* _Material for this exercise_
*****

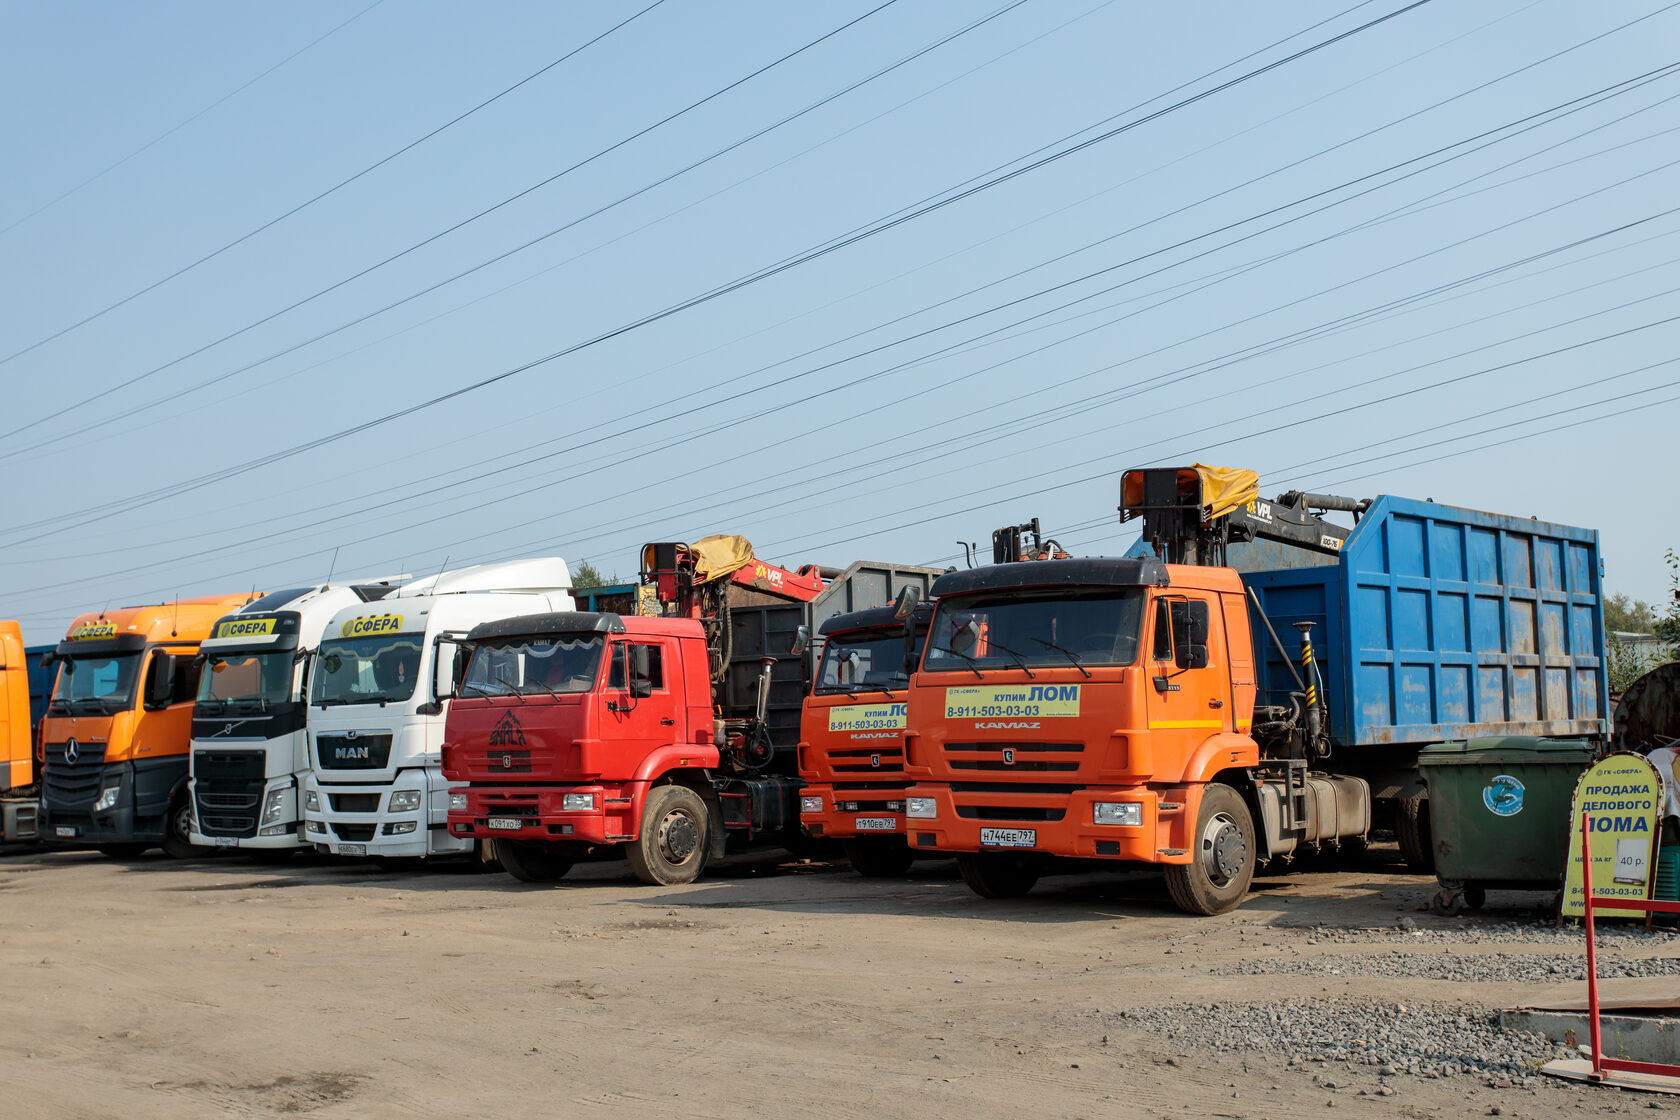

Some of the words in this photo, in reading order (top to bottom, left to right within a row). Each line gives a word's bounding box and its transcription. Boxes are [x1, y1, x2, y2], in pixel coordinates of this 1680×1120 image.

[1257, 501, 1272, 520] VPL
[767, 568, 783, 585] VPL
[230, 622, 267, 635] СФЕРА
[354, 617, 399, 633] СФЕРА
[80, 626, 114, 638] СФЕРА
[994, 693, 1026, 702] КУПИМ
[1028, 686, 1078, 701] ЛОМ
[889, 704, 907, 716] ЛО
[947, 705, 1040, 717] 8-911-503-03-03
[830, 719, 898, 730] 8-911-503-03-03
[335, 747, 369, 759] MAN
[1586, 785, 1650, 796] ПРОДАЖА
[1581, 800, 1652, 812] ДЕЛОВОГО
[983, 830, 1017, 842] Н744ЕЕ
[1018, 830, 1033, 840] 797
[1620, 856, 1633, 866] 40
[1571, 887, 1643, 896] 8-91-503-03-03
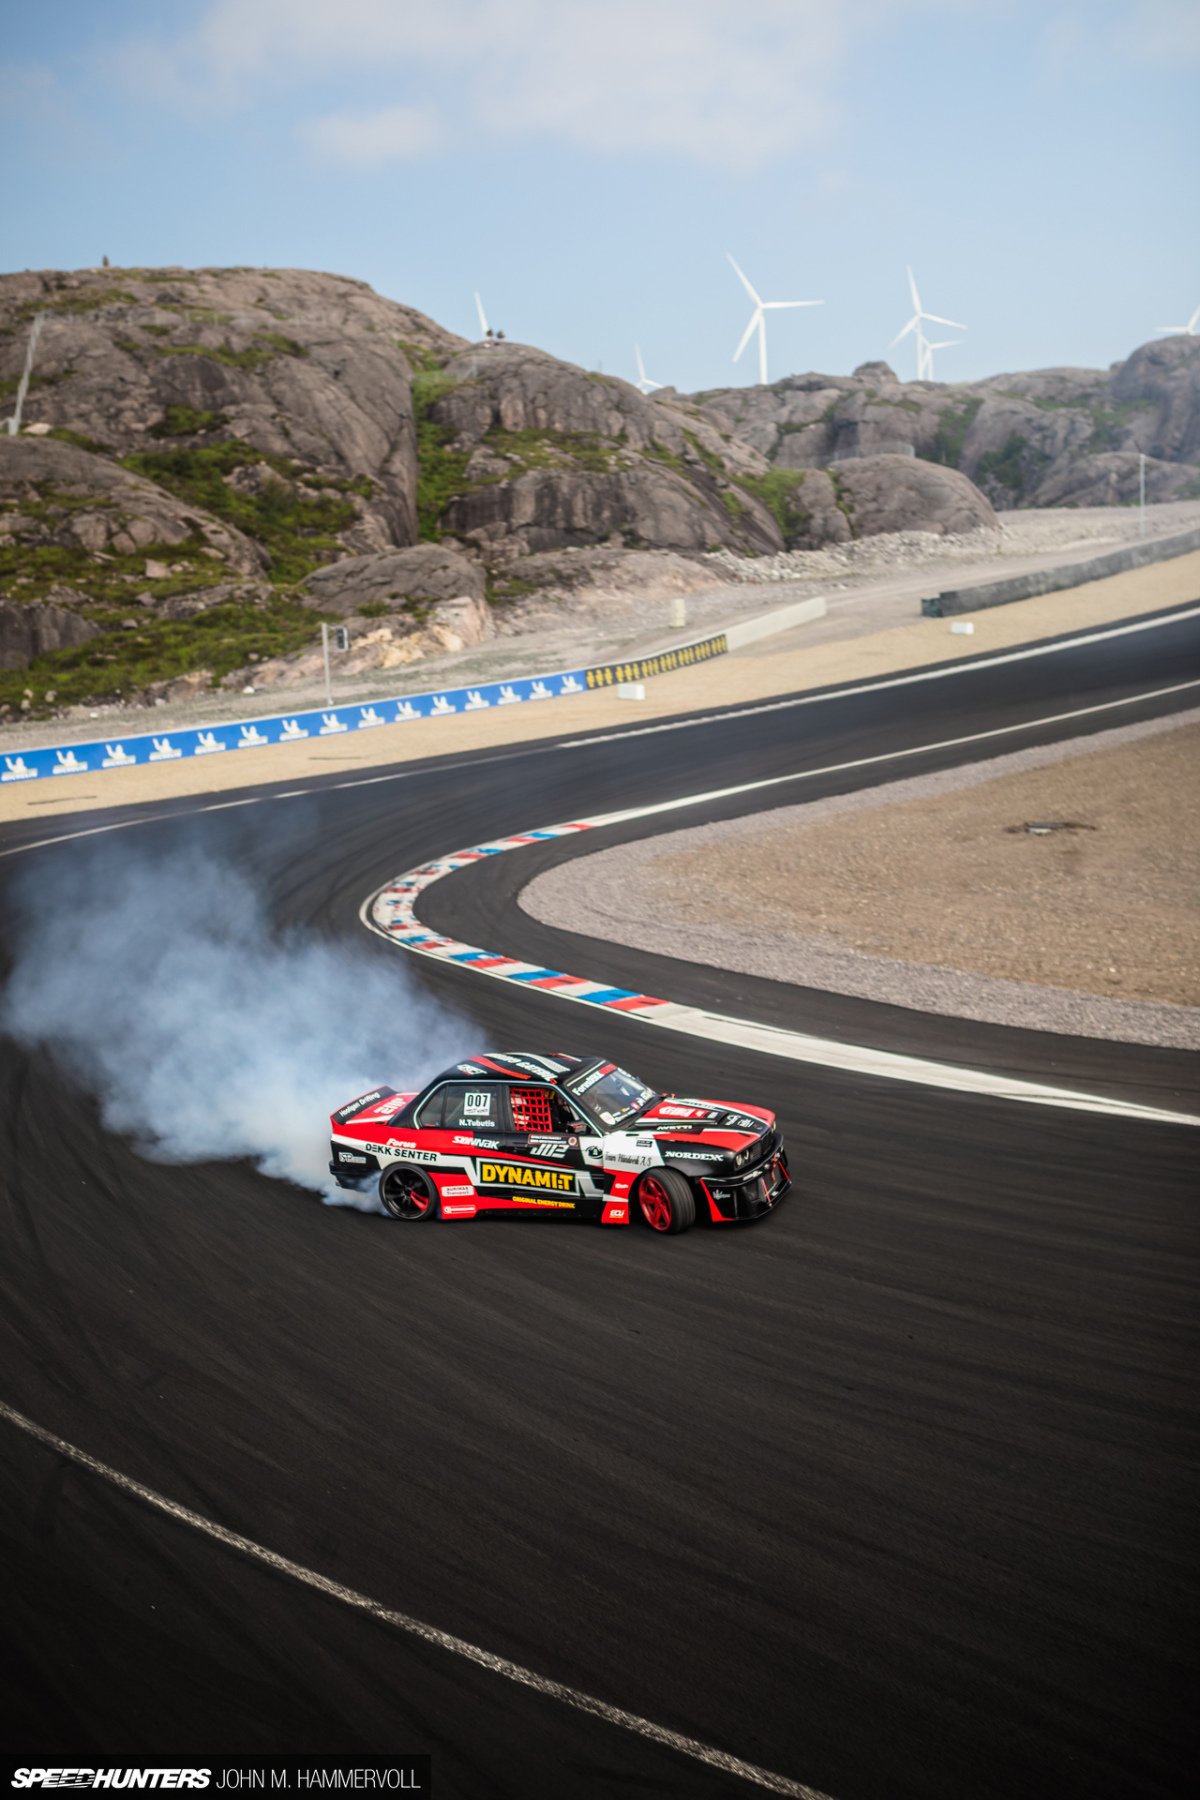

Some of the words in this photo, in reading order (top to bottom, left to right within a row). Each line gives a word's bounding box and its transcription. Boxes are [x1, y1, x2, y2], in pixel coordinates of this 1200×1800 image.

[467, 1094, 488, 1107] 007
[386, 1138, 417, 1149] Forus
[394, 1148, 438, 1162] SENTER
[537, 1198, 558, 1207] ENERGY
[558, 1201, 576, 1209] DRINK

*****

With the pictures left out, return each entry exactly as written.

* _Task result_
Some of the words in this photo, in reading order (top to bottom, left to right within a row). Each line gives a word's bounding box and its transcription. Boxes are [x1, y1, x2, y2], in pixel coordinates of this 1680×1120 image.

[1257, 501, 1272, 520] VPL
[767, 568, 783, 585] VPL
[230, 622, 267, 635] СФЕРА
[354, 617, 399, 633] СФЕРА
[80, 626, 114, 638] СФЕРА
[994, 693, 1026, 702] КУПИМ
[1028, 686, 1078, 701] ЛОМ
[889, 704, 907, 716] ЛО
[947, 705, 1040, 717] 8-911-503-03-03
[830, 719, 898, 730] 8-911-503-03-03
[335, 747, 369, 759] MAN
[1586, 785, 1650, 796] ПРОДАЖА
[1581, 800, 1652, 812] ДЕЛОВОГО
[983, 830, 1017, 842] Н744ЕЕ
[1018, 830, 1033, 840] 797
[1620, 856, 1633, 866] 40
[1571, 887, 1643, 896] 8-91-503-03-03

Some of the words in this photo, in reading order (top to bottom, left to right within a row). Each line gives a word's bounding box and its transcription. Boxes are [x1, y1, x2, y2], in pixel coordinates of this 1200×1800 image.

[467, 1094, 488, 1107] 007
[386, 1138, 417, 1149] Forus
[394, 1148, 438, 1162] SENTER
[537, 1198, 558, 1207] ENERGY
[558, 1201, 576, 1209] DRINK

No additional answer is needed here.